NASA Exploration of the Moon 2024: Agency to Send Astronauts on Lunar Flyby Mission for the First Time After 50 Years

NASA is determined to make huge progress in its moon exploration this year. The U.S. space agency reportedly plans to send astronauts for a lunar flyby mission.

NASA's Lunar Flyby Mission in 2024

NASA is preparing to undertake its most intricate and dangerous project in many years with the launch of Artemis II in November, which will send four humans into a lunar orbit. More than half a century has passed before anyone has journeyed deeper into the solar system than the lunar fly-by mission.

Since the space race of the 20th century, during the Cold War, no human has ventured beyond the region of space beyond Earth's immediate orbit, making it a historic achievement.

This expedition will travel around the moon, passing near its surface but never setting foot on it. It will expand upon NASA's Space Launch System rocket and Orion spacecraft's successful unmanned test flight in late 2022.

NASA's Reid Wiseman, Christina Koch, Victor Glover, and Jeremy Hansen from the Canadian Space Agency will be the four astronauts on board. Koch is going to be the first female member of a lunar mission.

The launch of Artemis III, which seeks to put humans on the moon for the first time since Apollo 17 in 1972, will be made possible if Artemis II is successful.

The last successful lunar flyby was Zond 8, which launched on Oct. 20, 1970, and returned to Earth a week later. It is often referred to as L-1 No. 14. It was the final circumlunar spacecraft in the Soviet Union's Zond program.

International Astronaut For NASA's Moon Landing

NASA is determined to leave China and Russia behind in their race to explore the moon. A deal between NASA and Whitehouse revealed that a foreign astronaut would join the American astronauts before the end of the decade for its moon landing mission.

The announcement was made during Vice President Kamala Harris' third meeting of the National Space Council in Washington, D.C., during the Biden administration.

Both the participating country's identity and the international moonwalker's name were still unknown. Subsequently, a NASA representative said personnel would be allocated closer to the lunar landing missions and that no assurances had been made to any other country.

NASA has been deploying international astronauts on space missions for a long time. Jeremy Hansen from Canada will circle the Moon alongside three American astronauts in around a year.
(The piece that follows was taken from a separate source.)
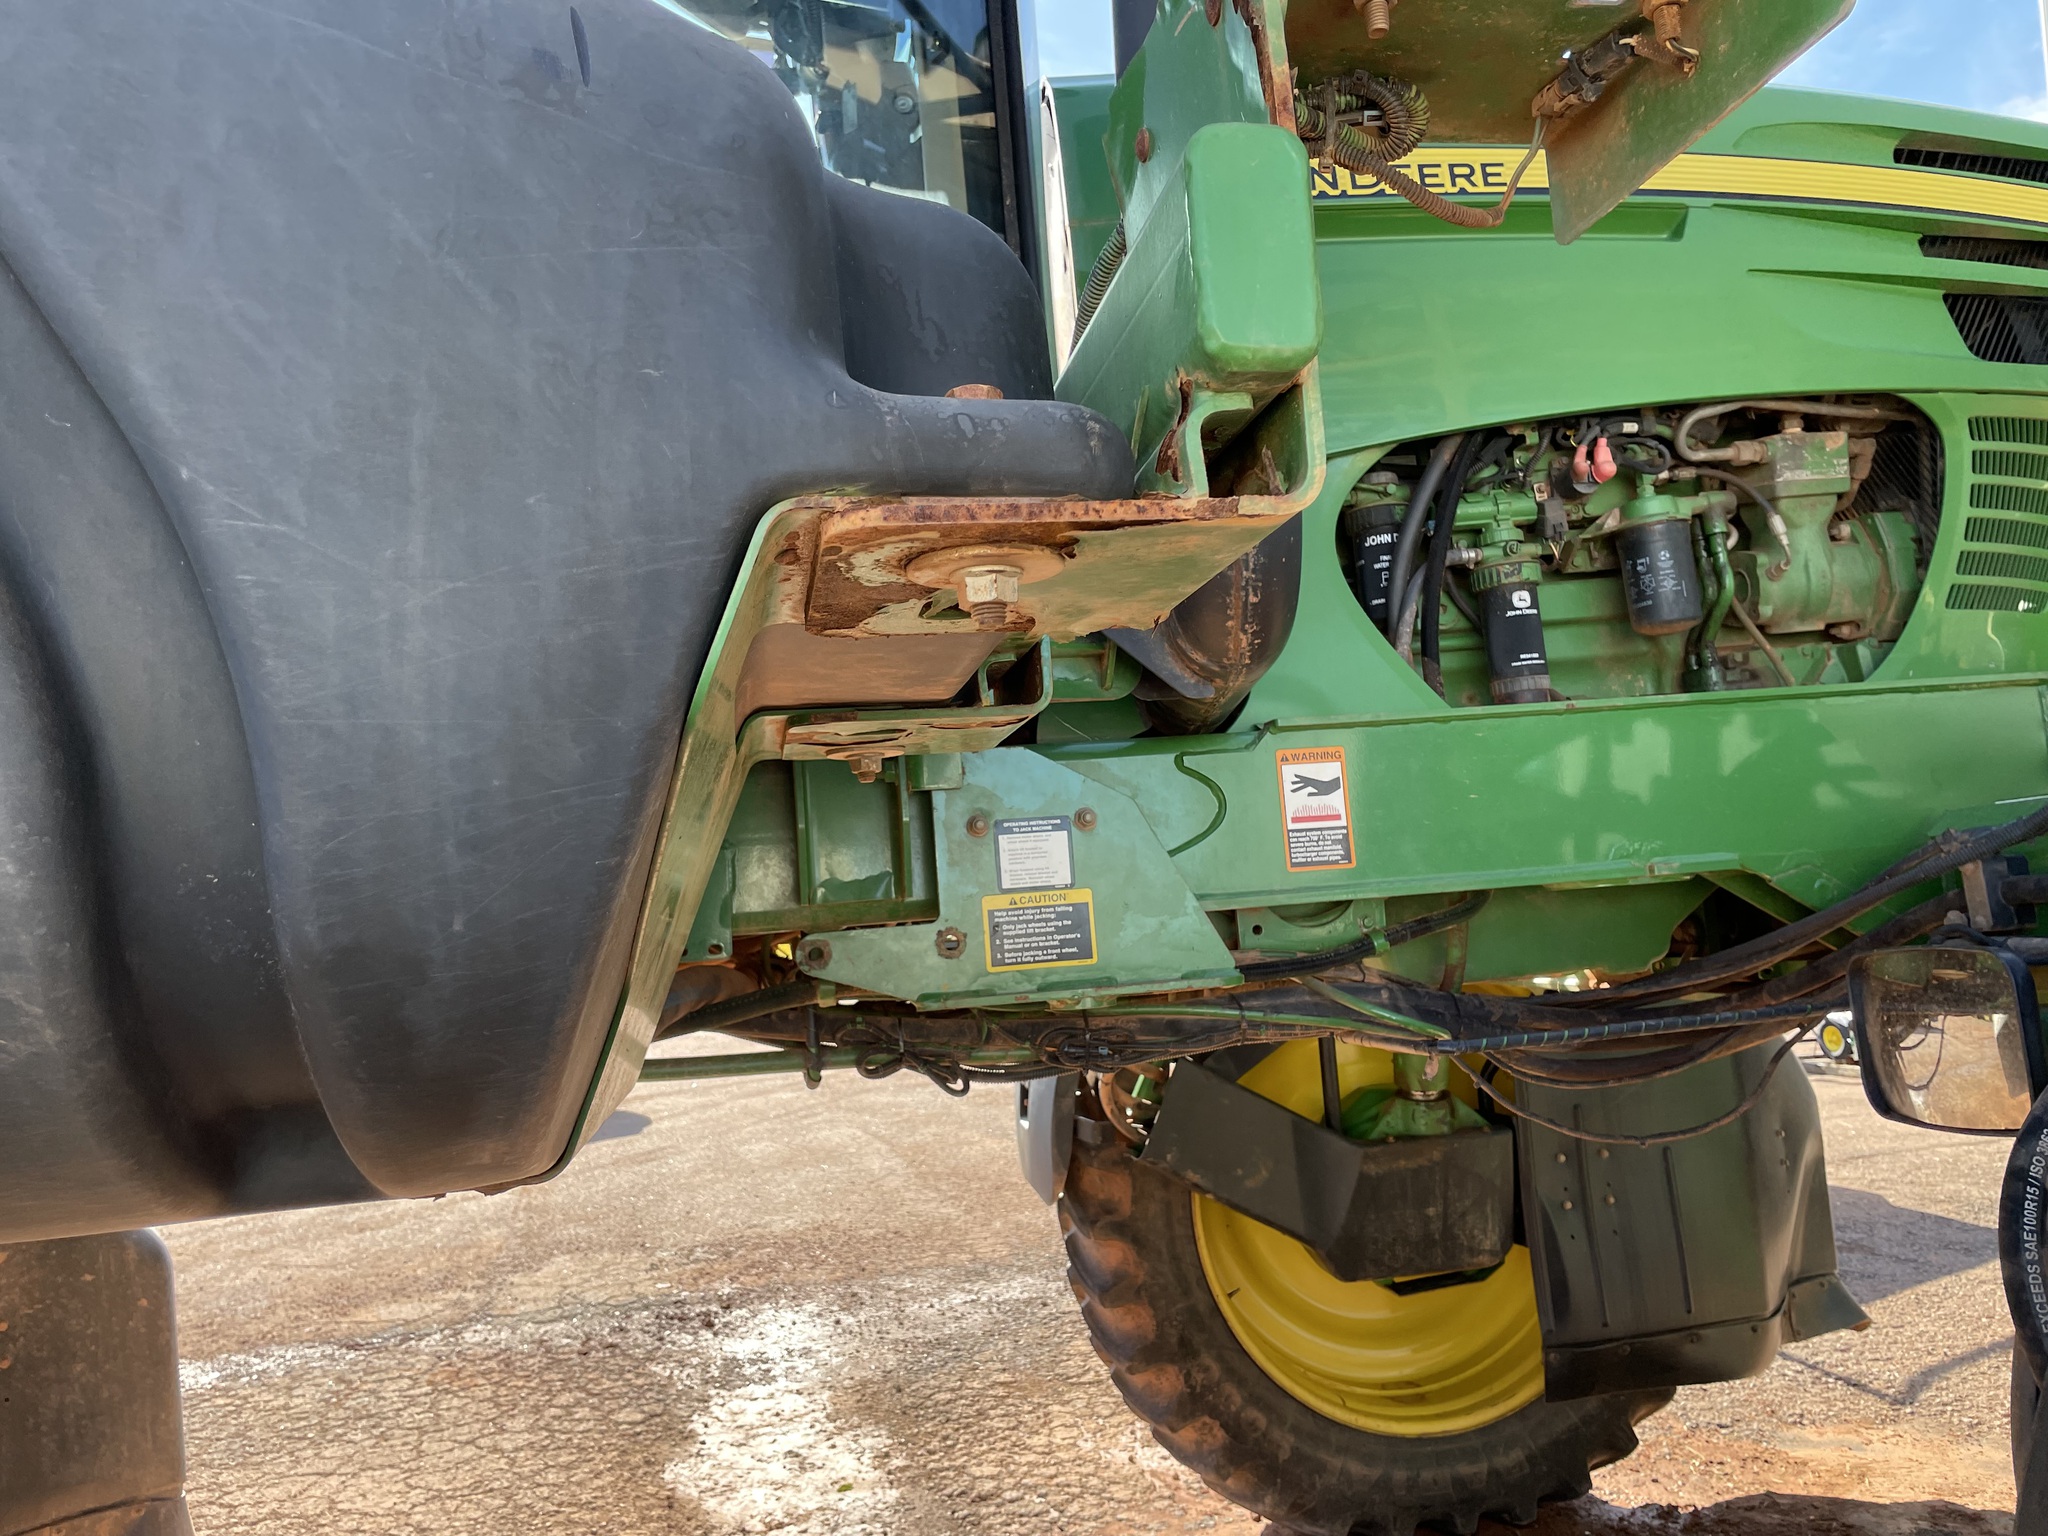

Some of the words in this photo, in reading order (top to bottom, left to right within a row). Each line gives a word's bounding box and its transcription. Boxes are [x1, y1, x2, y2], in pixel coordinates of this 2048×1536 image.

If another team could land on the moon, it would be the first lunar landing by astronauts in more than 50 years. The mission is unlikely to occur before 2027.

All 12 moonwalkers were US citizens during NASA's Apollo program in the 1960s and 1970s. The latest lunar exploration mission of the space agency is called Artemis, after the fabled twin sister of Apollo.

According to Hansen, involving international partners "is not only sincerely appreciated, but it is urgently needed in the world today."